* [Instructions to follow] When you copy the records, keep every word exact and leave the pictures out.

Collected data
----------------
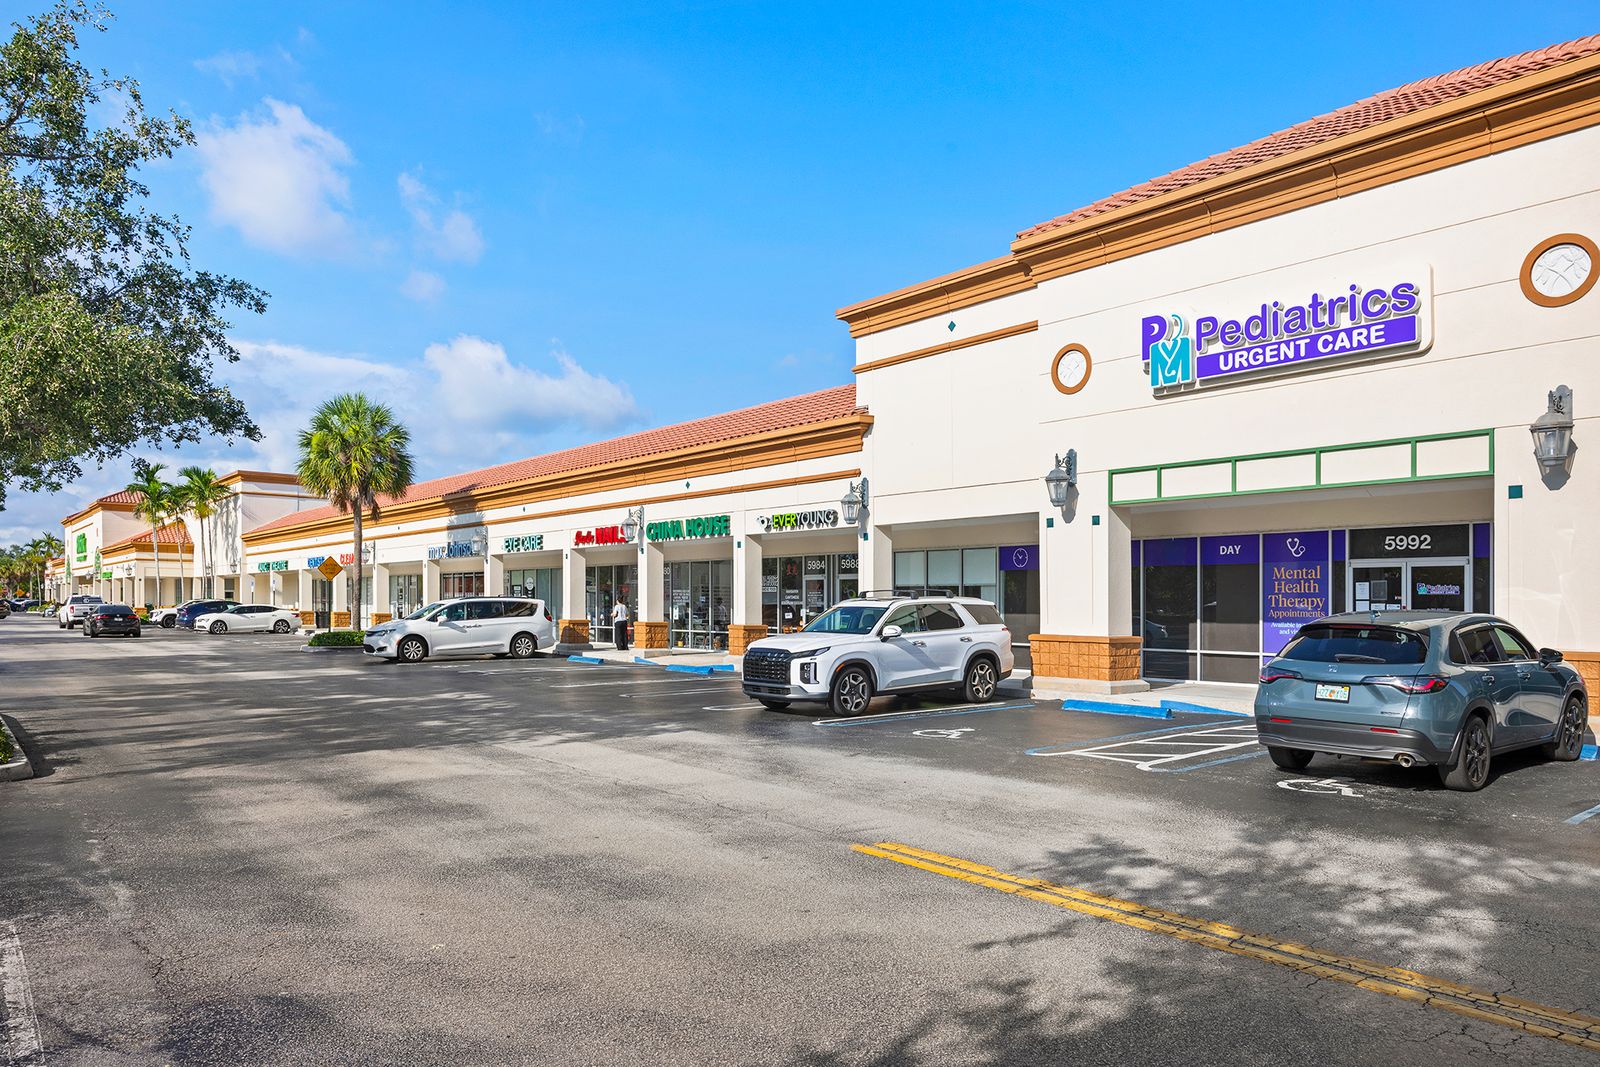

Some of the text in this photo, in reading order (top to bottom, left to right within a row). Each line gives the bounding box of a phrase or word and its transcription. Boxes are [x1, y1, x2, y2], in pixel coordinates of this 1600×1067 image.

[1195, 281, 1418, 351] Pediatrics
[1218, 324, 1387, 372] URGENT CARE
[646, 515, 731, 541] CHINA HOUSE
[503, 534, 543, 553] EYE CARE
[1219, 544, 1242, 556] DAY
[1384, 534, 1432, 551] 5992
[1272, 565, 1321, 580] Mental
[1274, 580, 1320, 594] Health
[1267, 594, 1326, 611] Therapy
[1268, 609, 1326, 618] Appointments
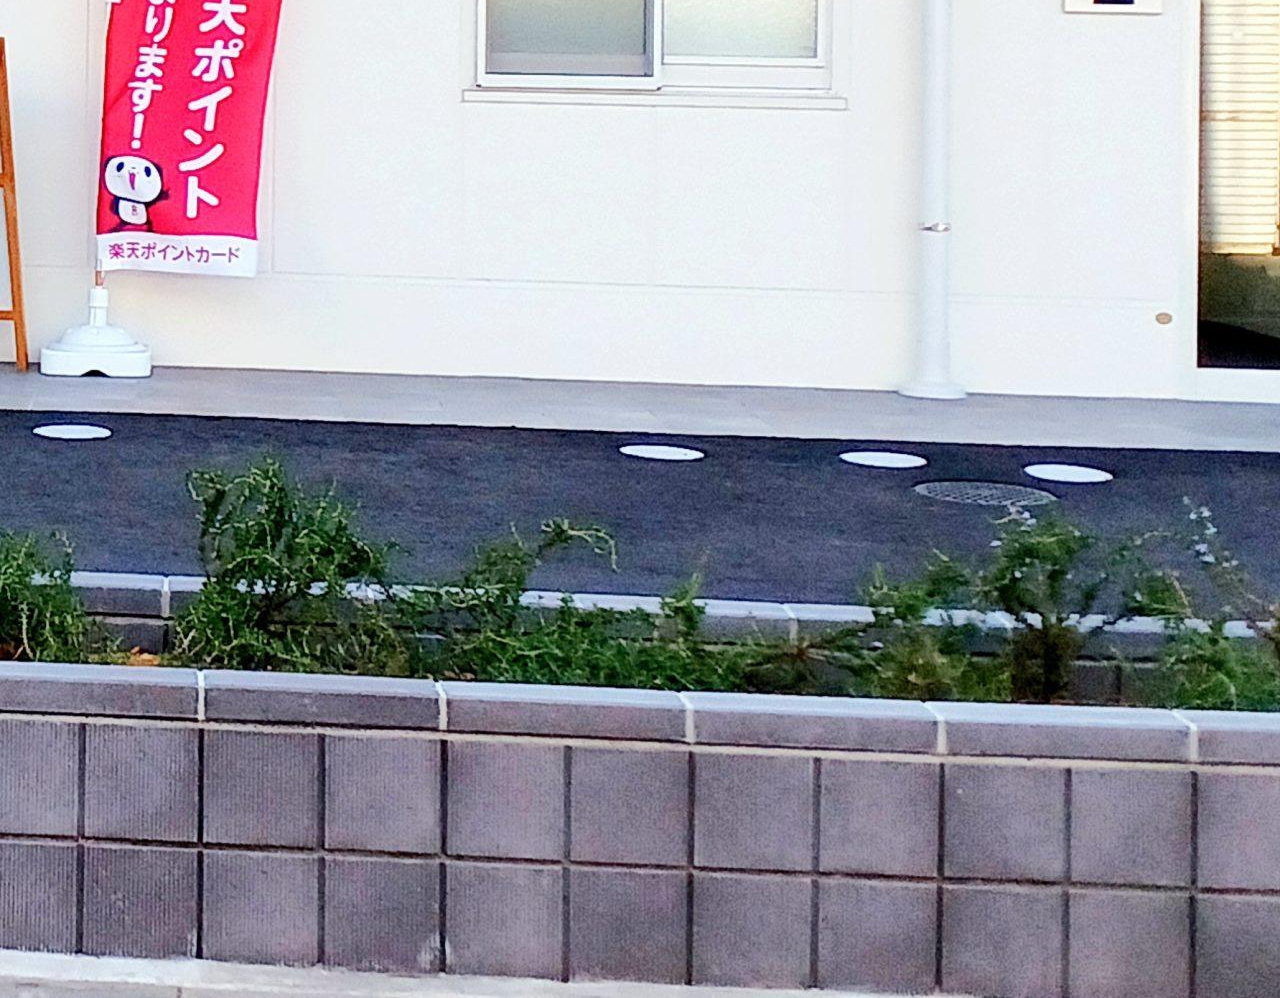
----------------
* [Reply to the task]
Some of the text in this photo, in reading order (top to bottom, left to right within a row). Each line gives the bounding box of a phrase or word and its transcription. Boxes are [x1, y1, x2, y2], in pixel coordinates of this 1600×1067 image.

[1195, 281, 1418, 351] Pediatrics
[1218, 324, 1387, 372] URGENT CARE
[646, 515, 731, 541] CHINA HOUSE
[503, 534, 543, 553] EYE CARE
[1219, 544, 1242, 556] DAY
[1384, 534, 1432, 551] 5992
[1272, 565, 1321, 580] Mental
[1274, 580, 1320, 594] Health
[1267, 594, 1326, 611] Therapy
[1268, 609, 1326, 618] Appointments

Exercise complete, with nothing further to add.